DNC Chairman Terry McAuliffe, left, listens as Rep. Robert Menendez makes a point in Las Vegas.
DNC Chairman Terry McAuliffe, left, listens as Rep. Robert Menendez makes a point in Las Vegas.  


From John Mercurio
CNN Washington

LAS VEGAS (CNN) -- Democrats will perform well in elections this fall because "we've got the candidates, we've got the message and we've got the political trends," Democratic National Committee Chairman Terry McAuliffe will say in a speech to the party faithful Saturday.

"And now, we have something we didn't have before -- the institutional muscle, the sophisticated technology, the modern instruments necessary to compete and win in today's political campaigns."

According to an advance copy of the speech, to be delivered to party officials and activists gathered here for a three-day summer meeting, McAuliffe will also announce that the party has erased a $10 million deficit it reported when he took office, marking the first time ever that the party has been debt free.

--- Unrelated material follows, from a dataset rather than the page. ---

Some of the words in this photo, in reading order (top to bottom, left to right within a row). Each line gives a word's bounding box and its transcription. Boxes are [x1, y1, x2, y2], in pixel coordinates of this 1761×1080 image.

The financial news comes as a great relief to Democrats, who would have been hard pressed to erase that debt after November, when new campaign finance restrictions, including a ban on unregulated "soft" money by national political parties, go into effect.

McAuliffe will tout Democratic challengers to Republican senators in New Hampshire, Arkansas, Colorado and Oregon, and he will also express optimism that the party's gubernatorial nominees will prevail in Michigan, Illinois, Pennsylvania, New Mexico, Arizona, Wisconsin and Maine.

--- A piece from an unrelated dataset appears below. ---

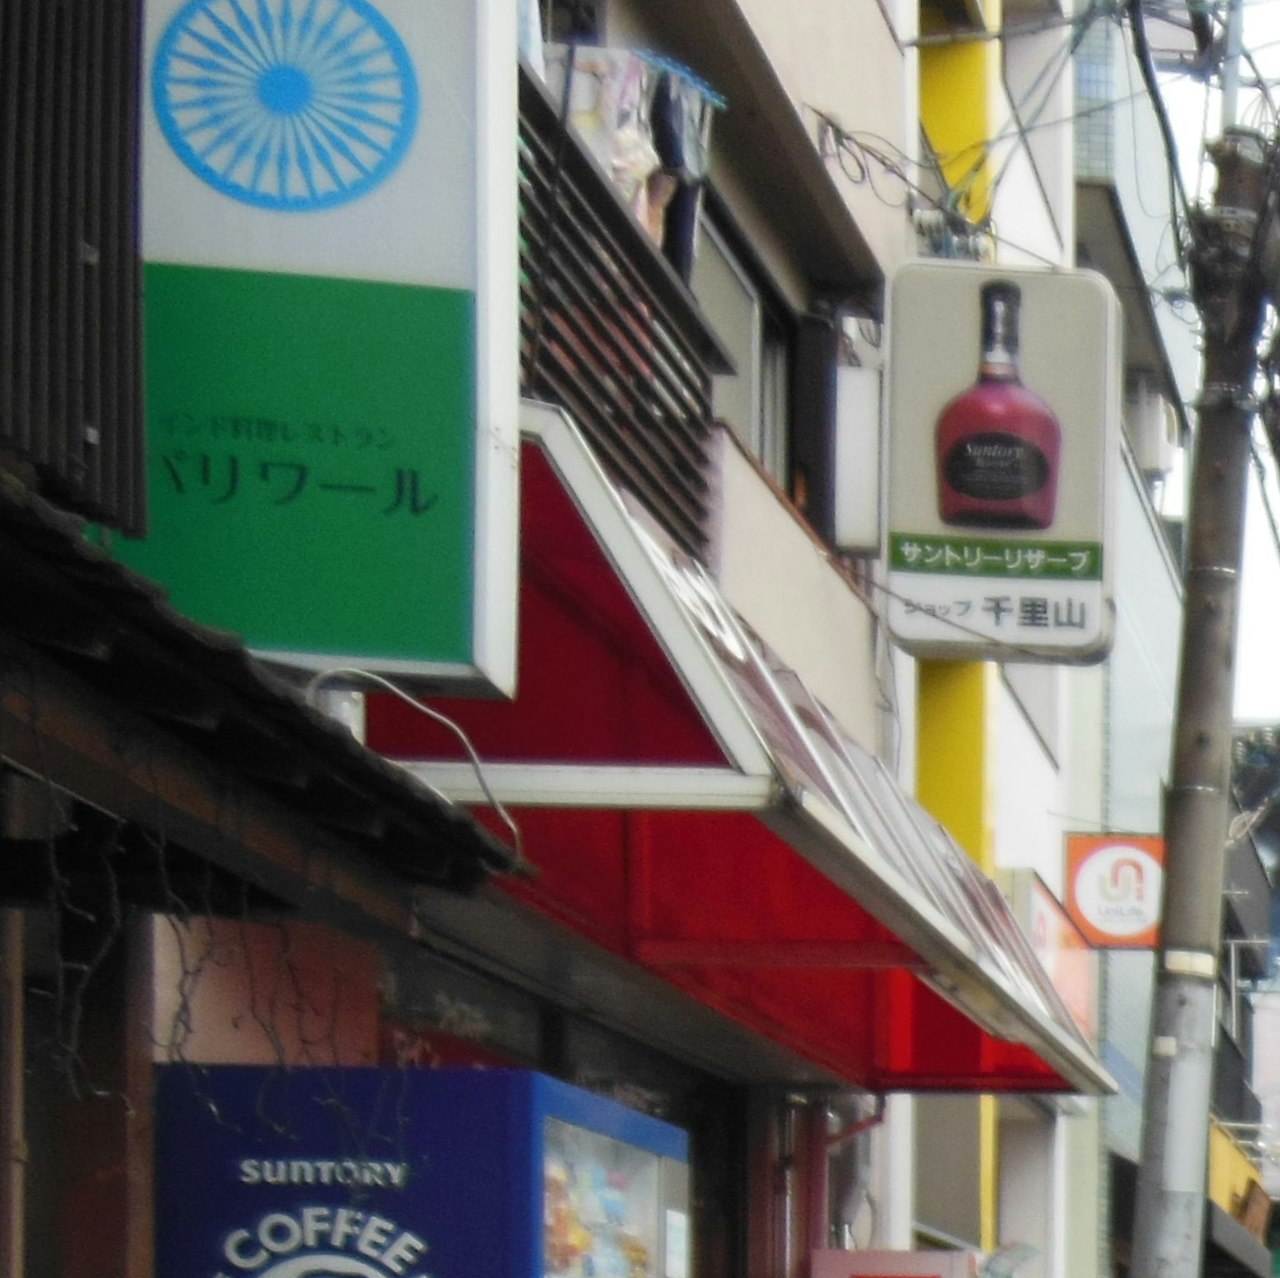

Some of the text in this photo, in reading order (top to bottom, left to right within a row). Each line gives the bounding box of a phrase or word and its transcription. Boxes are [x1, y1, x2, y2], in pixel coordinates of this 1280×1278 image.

In all of those states except Maine, Republicans now hold the governor's office. Maine Gov. Angus King is an independent.

But notably, McAuliffe will not mention Democratic candidates seeking four open Senate seats now in Republican hands in North Carolina, South Carolina, Texas and Tennessee. Democrats are not clearly favored in any of those races.

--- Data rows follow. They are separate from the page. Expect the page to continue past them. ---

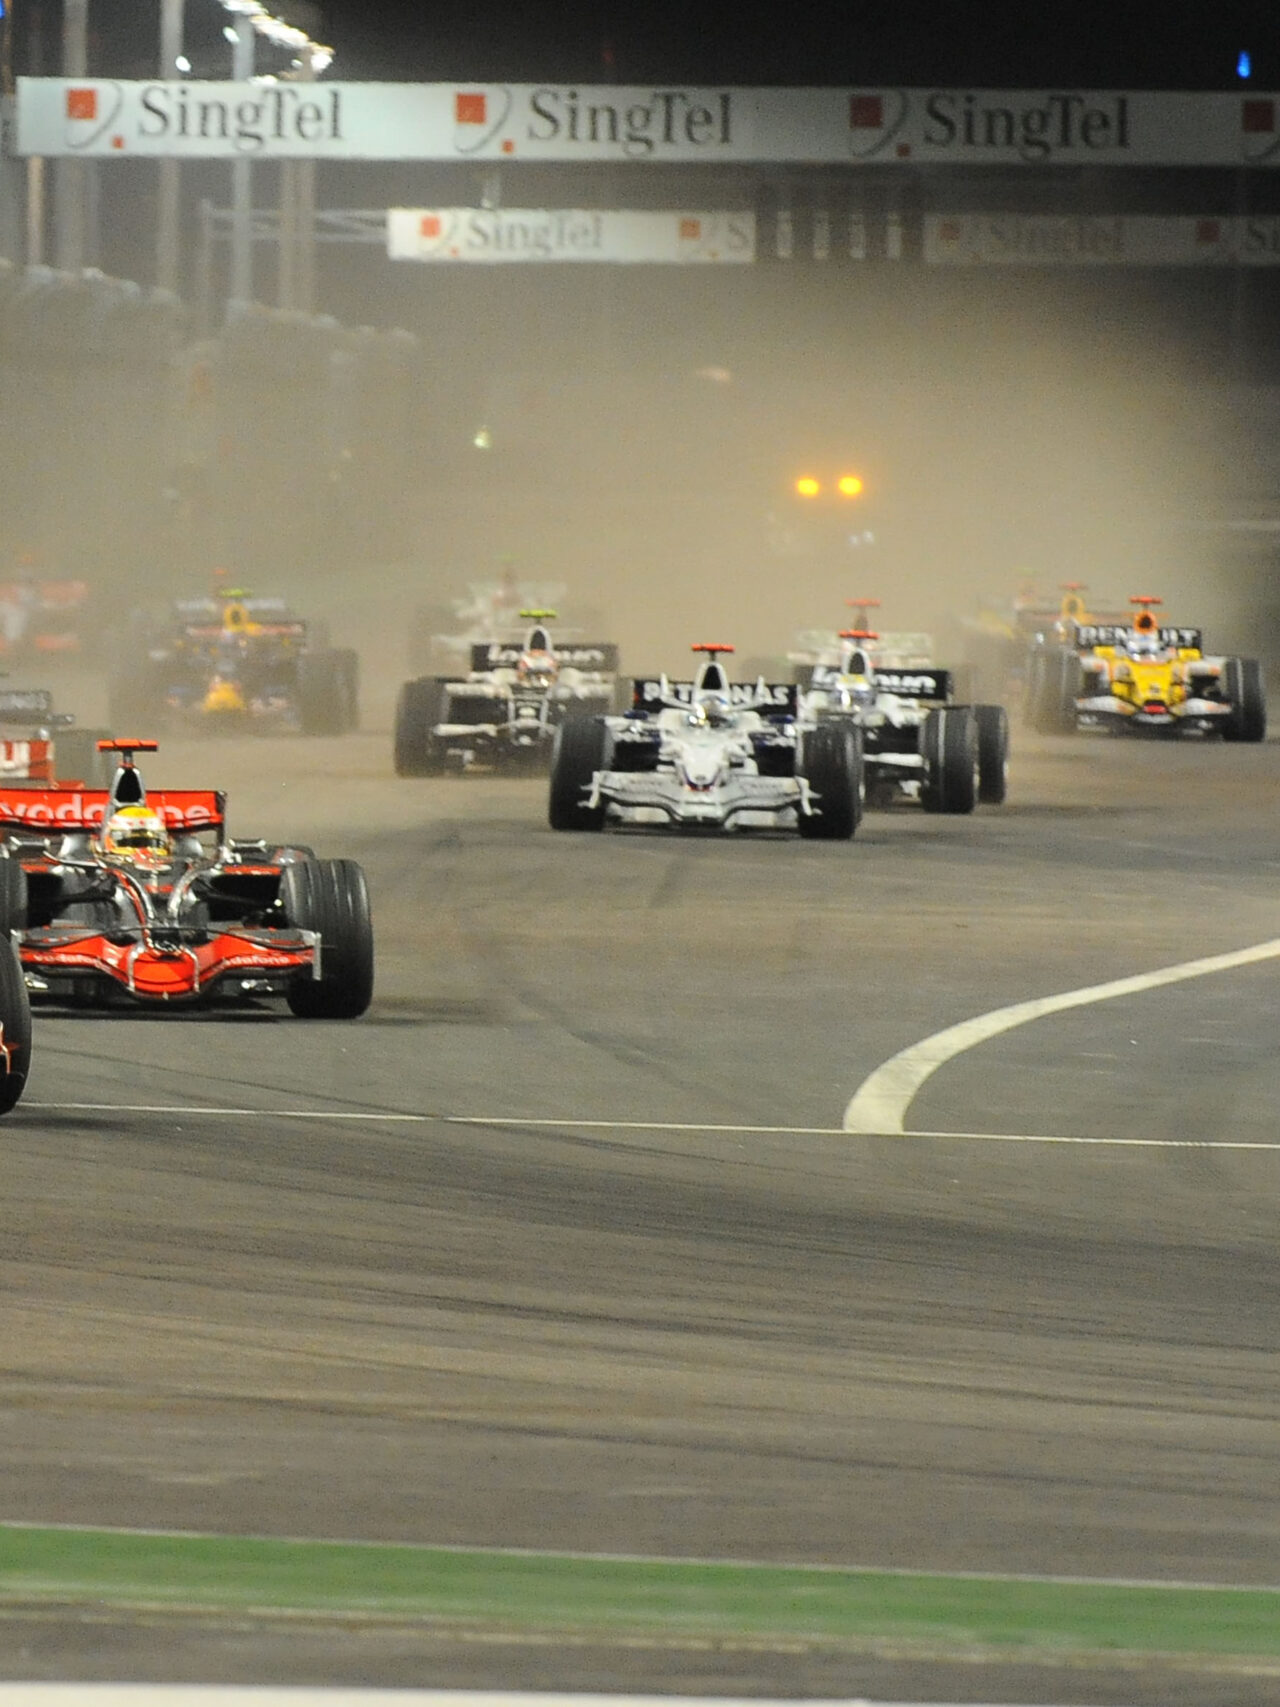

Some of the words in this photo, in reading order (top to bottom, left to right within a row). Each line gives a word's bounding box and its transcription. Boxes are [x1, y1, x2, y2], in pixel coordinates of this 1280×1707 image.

[138, 85, 342, 151] SingTel
[528, 89, 732, 157] SingTel
[923, 95, 1129, 161] SingTel
[468, 214, 603, 257] SingTel
[1080, 626, 1197, 648] RENLT
[643, 682, 789, 705] PETNAS

During the three-day meeting, Democrats have aggressively appealed to key constituency groups, including minorities and organized labor, and pointedly attacked President Bush and congressional Republicans on issues ranging from corporate responsibility to immigration reform.

The Democrats also released poll numbers showing that 63 percent of likely voters believe GOP lawmakers care more about special interests than working families.

According to the survey, while voters favored Republican candidates over Democrats when the GOP is viewed as the party fighting the war on terrorism and pushing tax cuts, Democrats prevail when they pledge "to provide a check and balance to keep the Republicans in Congress from going too far in favoring the big special interests at the expense of working people."